Director: Mahalia Belo
Writers: Alice Birch, Megan Hunter
A young couple (Jodie Comer, Joel Fry) find themselves new parents in the middle of a developing environmental crisis. As flood waters starts to make London uninhabitable, they head off to high ground and his parents (Nina Sosanya, Mark Strong). But as the disaster continues resources become scarce and a life changing incident send the young parents back out into a very different world. We follow a young mother trying to navigate societal breakdown and an evermore treacherous landscape as she tries to find her way home, the life she’s lost and to give her new child a chance of a normal upbringing.

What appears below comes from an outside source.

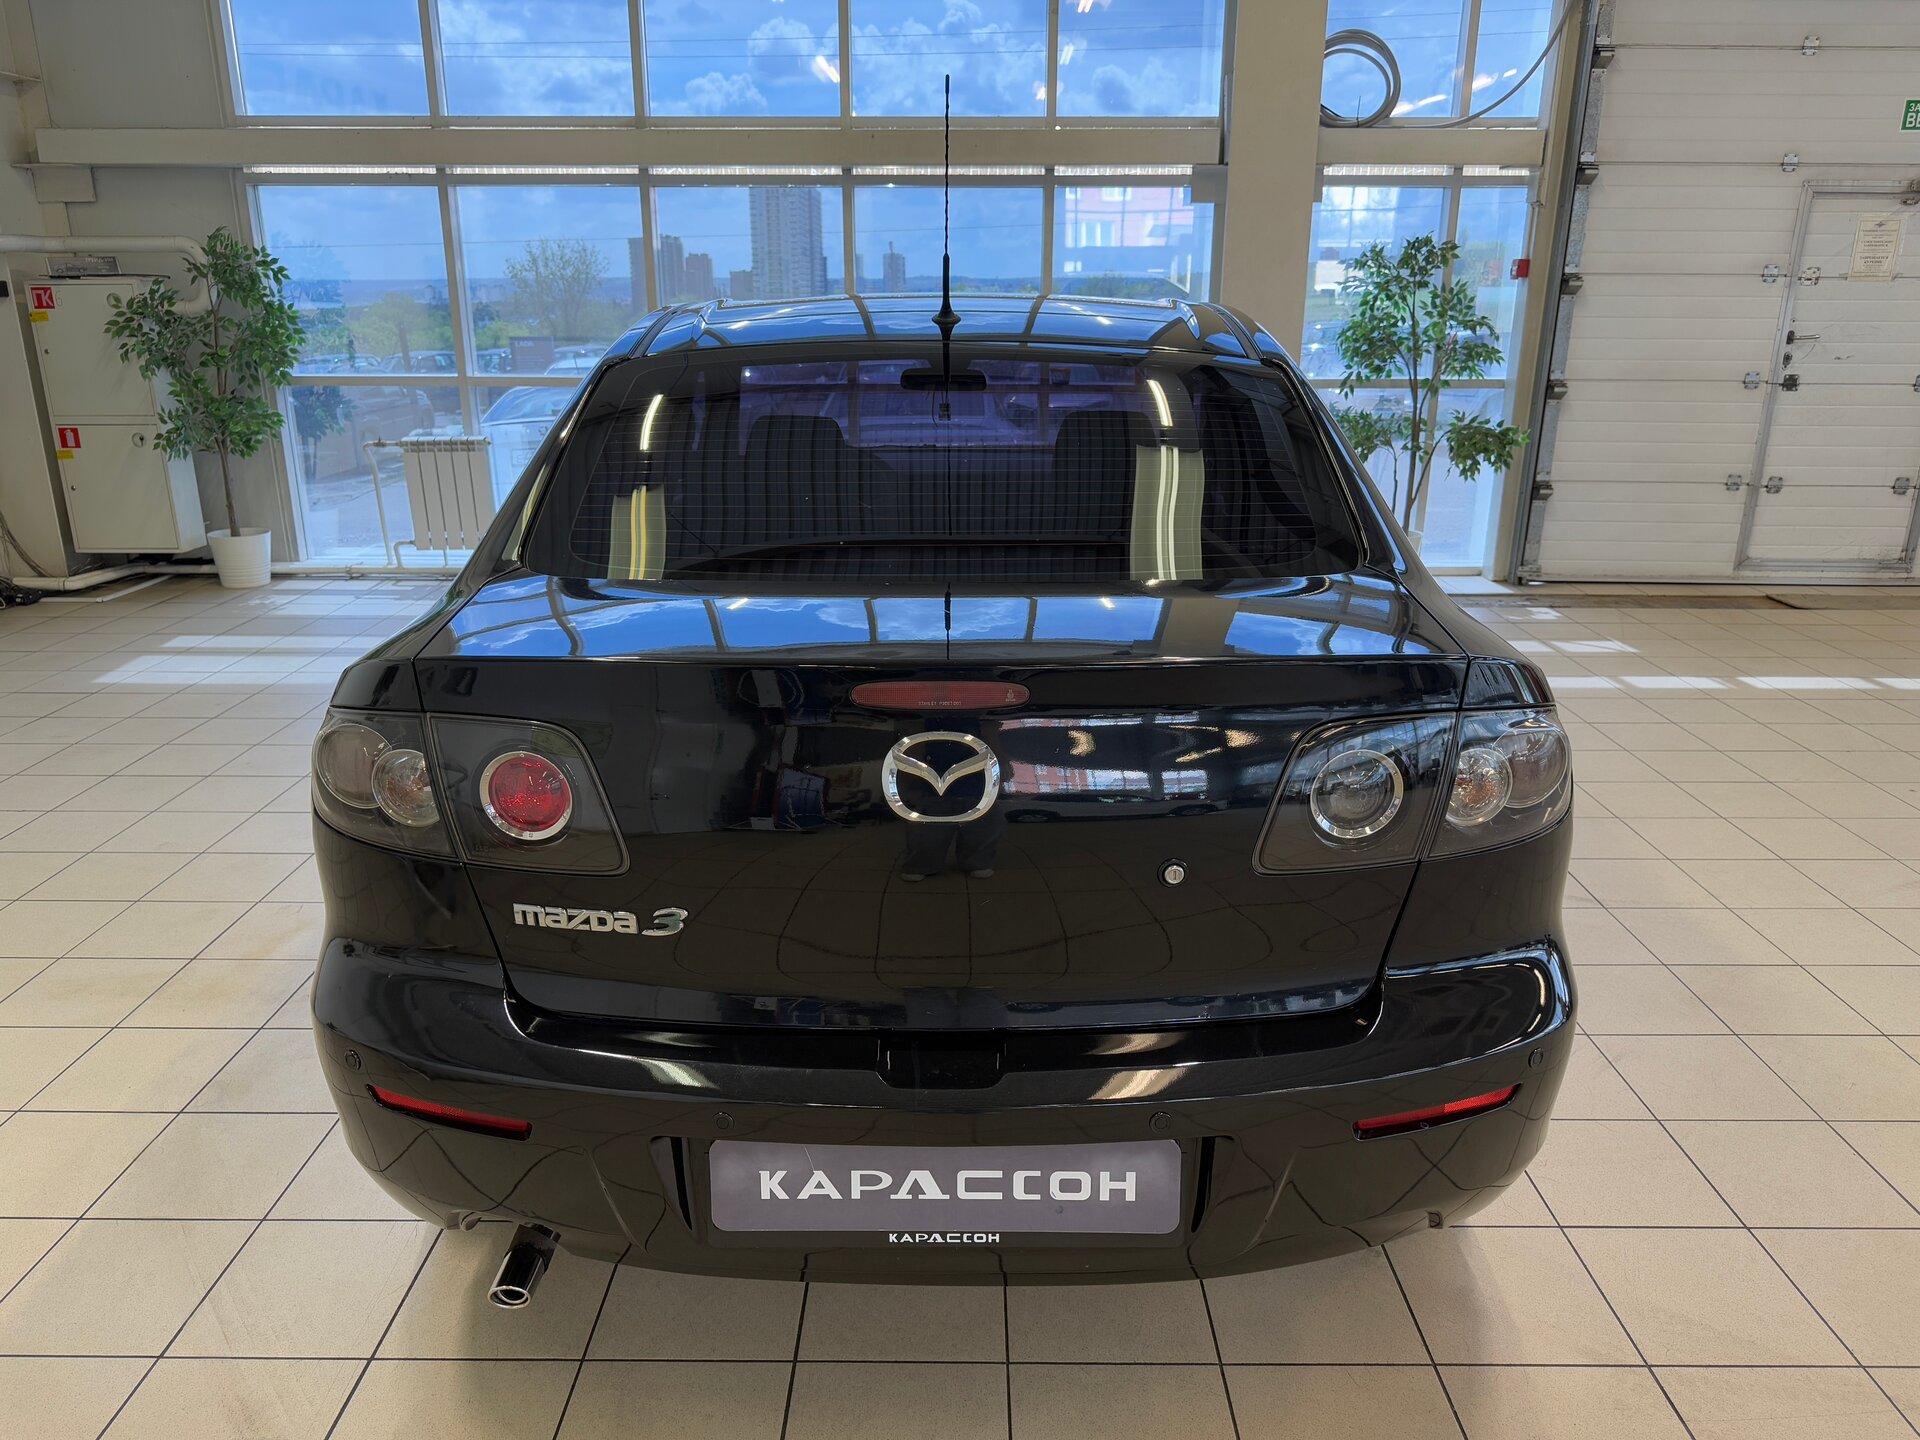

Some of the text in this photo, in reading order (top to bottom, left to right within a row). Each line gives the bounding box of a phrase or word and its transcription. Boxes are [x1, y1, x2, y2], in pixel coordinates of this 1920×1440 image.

There is no getting away from this being a bleak look at a future impacted by environmental change. It’s close enough to reality to feel believable, uncomfortable and possible. It spends a lot of time in grey wind swept wilderness and sometimes it does make watching feel windswept, grey and hard work.
But it’s also interesting and in the, as always, excellent Jodie Comer, you have a lead who you engage with and care for as you feel every bit of her struggle as she tries to navigate a new world and new motherhood.
It’s a though story, but alongside Comer’s excellent performance full of strength and vulnerability, there is a host of solid performances that keep you involved and intrigued. This is especially true of Katherine Waterston who provides a companion for much of the journey. But it is Comer that does all the heavy lifting from start to finish.
It doesn’t work perfectly, it does feel it drags a little, but maybe that’s just the work involved navigating its endless bleakness.
This is an interesting, tense, bleak and well told story that looks at humanity and society, good, bad and the bits inbetween. It’s tension filled and, thanks to Jodie Comer, it does enough to keep you interested throughout. A dark look at an apocalyptic future that feels a little to close for comfort.